## REQUIREMENT
Line by line, copy the data below exactly.

## INPUT RECORDS
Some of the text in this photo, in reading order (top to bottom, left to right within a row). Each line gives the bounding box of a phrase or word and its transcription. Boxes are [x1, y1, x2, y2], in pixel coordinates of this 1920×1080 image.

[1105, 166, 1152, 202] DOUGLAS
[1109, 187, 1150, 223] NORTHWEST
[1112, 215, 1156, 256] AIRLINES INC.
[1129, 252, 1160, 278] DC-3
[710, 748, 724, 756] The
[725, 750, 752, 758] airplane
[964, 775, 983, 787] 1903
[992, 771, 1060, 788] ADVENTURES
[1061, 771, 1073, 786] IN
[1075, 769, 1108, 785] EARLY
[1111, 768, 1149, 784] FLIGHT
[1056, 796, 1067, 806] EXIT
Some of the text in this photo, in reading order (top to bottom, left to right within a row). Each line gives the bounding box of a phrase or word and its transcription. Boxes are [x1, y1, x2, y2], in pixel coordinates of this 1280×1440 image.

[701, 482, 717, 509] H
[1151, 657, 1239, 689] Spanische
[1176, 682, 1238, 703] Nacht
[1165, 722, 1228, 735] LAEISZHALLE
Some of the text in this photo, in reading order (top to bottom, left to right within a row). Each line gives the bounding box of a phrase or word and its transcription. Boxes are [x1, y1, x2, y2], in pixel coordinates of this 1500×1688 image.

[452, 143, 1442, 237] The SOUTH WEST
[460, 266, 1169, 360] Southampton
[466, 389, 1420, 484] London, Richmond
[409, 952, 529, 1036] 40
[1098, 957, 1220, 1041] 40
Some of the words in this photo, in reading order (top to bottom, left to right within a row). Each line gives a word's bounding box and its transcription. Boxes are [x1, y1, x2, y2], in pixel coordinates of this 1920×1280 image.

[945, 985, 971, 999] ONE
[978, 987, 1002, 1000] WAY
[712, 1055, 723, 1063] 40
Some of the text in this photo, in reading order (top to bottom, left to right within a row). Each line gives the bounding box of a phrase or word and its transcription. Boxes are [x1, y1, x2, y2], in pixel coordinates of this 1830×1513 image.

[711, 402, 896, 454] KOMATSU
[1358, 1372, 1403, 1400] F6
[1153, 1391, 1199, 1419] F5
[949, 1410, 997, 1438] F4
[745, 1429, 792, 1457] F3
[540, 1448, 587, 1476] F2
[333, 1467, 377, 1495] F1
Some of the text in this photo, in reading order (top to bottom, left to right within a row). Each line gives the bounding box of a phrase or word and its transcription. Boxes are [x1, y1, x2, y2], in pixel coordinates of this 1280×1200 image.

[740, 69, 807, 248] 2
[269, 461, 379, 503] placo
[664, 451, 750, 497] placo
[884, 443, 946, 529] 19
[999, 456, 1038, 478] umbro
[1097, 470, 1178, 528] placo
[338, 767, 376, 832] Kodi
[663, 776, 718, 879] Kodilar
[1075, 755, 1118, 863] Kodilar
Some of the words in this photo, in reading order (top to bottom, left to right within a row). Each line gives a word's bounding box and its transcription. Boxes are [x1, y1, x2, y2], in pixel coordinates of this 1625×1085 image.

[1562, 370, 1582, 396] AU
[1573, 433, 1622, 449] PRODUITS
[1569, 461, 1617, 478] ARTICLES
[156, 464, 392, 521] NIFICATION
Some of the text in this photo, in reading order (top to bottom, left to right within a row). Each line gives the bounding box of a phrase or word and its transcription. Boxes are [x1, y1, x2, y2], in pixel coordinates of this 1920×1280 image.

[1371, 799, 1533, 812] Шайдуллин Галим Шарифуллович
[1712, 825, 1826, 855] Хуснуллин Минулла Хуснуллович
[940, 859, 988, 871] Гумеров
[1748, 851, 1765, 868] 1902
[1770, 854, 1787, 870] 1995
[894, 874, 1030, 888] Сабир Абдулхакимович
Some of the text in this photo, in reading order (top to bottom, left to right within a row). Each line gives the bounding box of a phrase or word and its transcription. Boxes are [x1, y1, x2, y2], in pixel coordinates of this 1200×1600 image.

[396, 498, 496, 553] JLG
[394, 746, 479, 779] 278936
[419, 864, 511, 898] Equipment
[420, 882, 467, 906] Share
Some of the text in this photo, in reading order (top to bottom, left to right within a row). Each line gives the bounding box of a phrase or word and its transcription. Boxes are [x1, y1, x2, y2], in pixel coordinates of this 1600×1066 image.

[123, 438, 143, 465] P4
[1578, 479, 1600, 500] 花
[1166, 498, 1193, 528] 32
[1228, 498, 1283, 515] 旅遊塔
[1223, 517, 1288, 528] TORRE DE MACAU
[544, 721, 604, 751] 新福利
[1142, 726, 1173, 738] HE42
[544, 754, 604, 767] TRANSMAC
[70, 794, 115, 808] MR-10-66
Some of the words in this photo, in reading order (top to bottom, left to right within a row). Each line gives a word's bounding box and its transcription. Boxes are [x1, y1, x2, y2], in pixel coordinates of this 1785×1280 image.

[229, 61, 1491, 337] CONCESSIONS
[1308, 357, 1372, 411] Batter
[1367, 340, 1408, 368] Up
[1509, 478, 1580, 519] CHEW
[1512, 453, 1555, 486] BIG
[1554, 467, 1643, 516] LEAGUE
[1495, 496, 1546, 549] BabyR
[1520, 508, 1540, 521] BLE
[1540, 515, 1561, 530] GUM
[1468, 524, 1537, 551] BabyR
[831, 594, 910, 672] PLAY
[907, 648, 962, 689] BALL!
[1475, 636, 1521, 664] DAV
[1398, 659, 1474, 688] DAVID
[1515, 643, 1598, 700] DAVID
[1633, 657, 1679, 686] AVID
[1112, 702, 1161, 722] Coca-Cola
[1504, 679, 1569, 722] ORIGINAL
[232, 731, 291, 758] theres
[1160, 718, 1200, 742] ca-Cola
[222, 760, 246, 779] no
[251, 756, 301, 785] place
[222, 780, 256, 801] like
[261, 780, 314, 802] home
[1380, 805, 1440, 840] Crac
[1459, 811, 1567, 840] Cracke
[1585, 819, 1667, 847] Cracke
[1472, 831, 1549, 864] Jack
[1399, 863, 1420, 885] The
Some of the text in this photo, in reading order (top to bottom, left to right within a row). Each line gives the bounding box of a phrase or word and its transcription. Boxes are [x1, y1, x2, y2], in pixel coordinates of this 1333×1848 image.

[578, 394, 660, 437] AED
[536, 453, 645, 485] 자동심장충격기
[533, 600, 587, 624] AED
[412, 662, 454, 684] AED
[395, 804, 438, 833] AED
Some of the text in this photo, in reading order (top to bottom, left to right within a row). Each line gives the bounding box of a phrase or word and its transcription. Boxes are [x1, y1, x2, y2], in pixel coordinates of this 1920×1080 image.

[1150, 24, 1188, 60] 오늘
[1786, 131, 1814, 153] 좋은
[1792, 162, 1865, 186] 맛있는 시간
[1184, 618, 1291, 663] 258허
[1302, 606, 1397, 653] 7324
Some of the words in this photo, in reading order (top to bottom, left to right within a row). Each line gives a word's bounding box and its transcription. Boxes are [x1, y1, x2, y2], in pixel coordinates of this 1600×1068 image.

## WORKED SOLUTION
Some of the text in this photo, in reading order (top to bottom, left to right within a row). Each line gives the bounding box of a phrase or word and its transcription. Boxes are [x1, y1, x2, y2], in pixel coordinates of this 1920×1080 image.

[1105, 166, 1152, 202] DOUGLAS
[1109, 187, 1150, 223] NORTHWEST
[1112, 215, 1156, 256] AIRLINES INC.
[1129, 252, 1160, 278] DC-3
[710, 748, 724, 756] The
[725, 750, 752, 758] airplane
[964, 775, 983, 787] 1903
[992, 771, 1060, 788] ADVENTURES
[1061, 771, 1073, 786] IN
[1075, 769, 1108, 785] EARLY
[1111, 768, 1149, 784] FLIGHT
[1056, 796, 1067, 806] EXIT
Some of the text in this photo, in reading order (top to bottom, left to right within a row). Each line gives the bounding box of a phrase or word and its transcription. Boxes are [x1, y1, x2, y2], in pixel coordinates of this 1280×1440 image.

[701, 482, 717, 509] H
[1151, 657, 1239, 689] Spanische
[1176, 682, 1238, 703] Nacht
[1165, 722, 1228, 735] LAEISZHALLE
Some of the text in this photo, in reading order (top to bottom, left to right within a row). Each line gives the bounding box of a phrase or word and its transcription. Boxes are [x1, y1, x2, y2], in pixel coordinates of this 1500×1688 image.

[452, 143, 1442, 237] The SOUTH WEST
[460, 266, 1169, 360] Southampton
[466, 389, 1420, 484] London, Richmond
[409, 952, 529, 1036] 40
[1098, 957, 1220, 1041] 40
Some of the words in this photo, in reading order (top to bottom, left to right within a row). Each line gives a word's bounding box and its transcription. Boxes are [x1, y1, x2, y2], in pixel coordinates of this 1920×1280 image.

[945, 985, 971, 999] ONE
[978, 987, 1002, 1000] WAY
[712, 1055, 723, 1063] 40
Some of the text in this photo, in reading order (top to bottom, left to right within a row). Each line gives the bounding box of a phrase or word and its transcription. Boxes are [x1, y1, x2, y2], in pixel coordinates of this 1830×1513 image.

[711, 402, 896, 454] KOMATSU
[1358, 1372, 1403, 1400] F6
[1153, 1391, 1199, 1419] F5
[949, 1410, 997, 1438] F4
[745, 1429, 792, 1457] F3
[540, 1448, 587, 1476] F2
[333, 1467, 377, 1495] F1
Some of the text in this photo, in reading order (top to bottom, left to right within a row). Each line gives the bounding box of a phrase or word and its transcription. Boxes are [x1, y1, x2, y2], in pixel coordinates of this 1280×1200 image.

[740, 69, 807, 248] 2
[269, 461, 379, 503] placo
[664, 451, 750, 497] placo
[884, 443, 946, 529] 19
[999, 456, 1038, 478] umbro
[1097, 470, 1178, 528] placo
[338, 767, 376, 832] Kodi
[663, 776, 718, 879] Kodilar
[1075, 755, 1118, 863] Kodilar
Some of the words in this photo, in reading order (top to bottom, left to right within a row). Each line gives a word's bounding box and its transcription. Boxes are [x1, y1, x2, y2], in pixel coordinates of this 1625×1085 image.

[1562, 370, 1582, 396] AU
[1573, 433, 1622, 449] PRODUITS
[1569, 461, 1617, 478] ARTICLES
[156, 464, 392, 521] NIFICATION
Some of the text in this photo, in reading order (top to bottom, left to right within a row). Each line gives the bounding box of a phrase or word and its transcription. Boxes are [x1, y1, x2, y2], in pixel coordinates of this 1920×1280 image.

[1371, 799, 1533, 812] Шайдуллин Галим Шарифуллович
[1712, 825, 1826, 855] Хуснуллин Минулла Хуснуллович
[940, 859, 988, 871] Гумеров
[1748, 851, 1765, 868] 1902
[1770, 854, 1787, 870] 1995
[894, 874, 1030, 888] Сабир Абдулхакимович
Some of the text in this photo, in reading order (top to bottom, left to right within a row). Each line gives the bounding box of a phrase or word and its transcription. Boxes are [x1, y1, x2, y2], in pixel coordinates of this 1200×1600 image.

[396, 498, 496, 553] JLG
[394, 746, 479, 779] 278936
[419, 864, 511, 898] Equipment
[420, 882, 467, 906] Share
Some of the text in this photo, in reading order (top to bottom, left to right within a row). Each line gives the bounding box of a phrase or word and its transcription. Boxes are [x1, y1, x2, y2], in pixel coordinates of this 1600×1066 image.

[123, 438, 143, 465] P4
[1578, 479, 1600, 500] 花
[1166, 498, 1193, 528] 32
[1228, 498, 1283, 515] 旅遊塔
[1223, 517, 1288, 528] TORRE DE MACAU
[544, 721, 604, 751] 新福利
[1142, 726, 1173, 738] HE42
[544, 754, 604, 767] TRANSMAC
[70, 794, 115, 808] MR-10-66
Some of the words in this photo, in reading order (top to bottom, left to right within a row). Each line gives a word's bounding box and its transcription. Boxes are [x1, y1, x2, y2], in pixel coordinates of this 1785×1280 image.

[229, 61, 1491, 337] CONCESSIONS
[1308, 357, 1372, 411] Batter
[1367, 340, 1408, 368] Up
[1509, 478, 1580, 519] CHEW
[1512, 453, 1555, 486] BIG
[1554, 467, 1643, 516] LEAGUE
[1495, 496, 1546, 549] BabyR
[1520, 508, 1540, 521] BLE
[1540, 515, 1561, 530] GUM
[1468, 524, 1537, 551] BabyR
[831, 594, 910, 672] PLAY
[907, 648, 962, 689] BALL!
[1475, 636, 1521, 664] DAV
[1398, 659, 1474, 688] DAVID
[1515, 643, 1598, 700] DAVID
[1633, 657, 1679, 686] AVID
[1112, 702, 1161, 722] Coca-Cola
[1504, 679, 1569, 722] ORIGINAL
[232, 731, 291, 758] theres
[1160, 718, 1200, 742] ca-Cola
[222, 760, 246, 779] no
[251, 756, 301, 785] place
[222, 780, 256, 801] like
[261, 780, 314, 802] home
[1380, 805, 1440, 840] Crac
[1459, 811, 1567, 840] Cracke
[1585, 819, 1667, 847] Cracke
[1472, 831, 1549, 864] Jack
[1399, 863, 1420, 885] The
Some of the text in this photo, in reading order (top to bottom, left to right within a row). Each line gives the bounding box of a phrase or word and its transcription. Boxes are [x1, y1, x2, y2], in pixel coordinates of this 1333×1848 image.

[578, 394, 660, 437] AED
[536, 453, 645, 485] 자동심장충격기
[533, 600, 587, 624] AED
[412, 662, 454, 684] AED
[395, 804, 438, 833] AED
Some of the text in this photo, in reading order (top to bottom, left to right within a row). Each line gives the bounding box of a phrase or word and its transcription. Boxes are [x1, y1, x2, y2], in pixel coordinates of this 1920×1080 image.

[1150, 24, 1188, 60] 오늘
[1786, 131, 1814, 153] 좋은
[1792, 162, 1865, 186] 맛있는 시간
[1184, 618, 1291, 663] 258허
[1302, 606, 1397, 653] 7324
Some of the words in this photo, in reading order (top to bottom, left to right within a row). Each line gives a word's bounding box and its transcription. Boxes are [x1, y1, x2, y2], in pixel coordinates of this 1600×1068 image.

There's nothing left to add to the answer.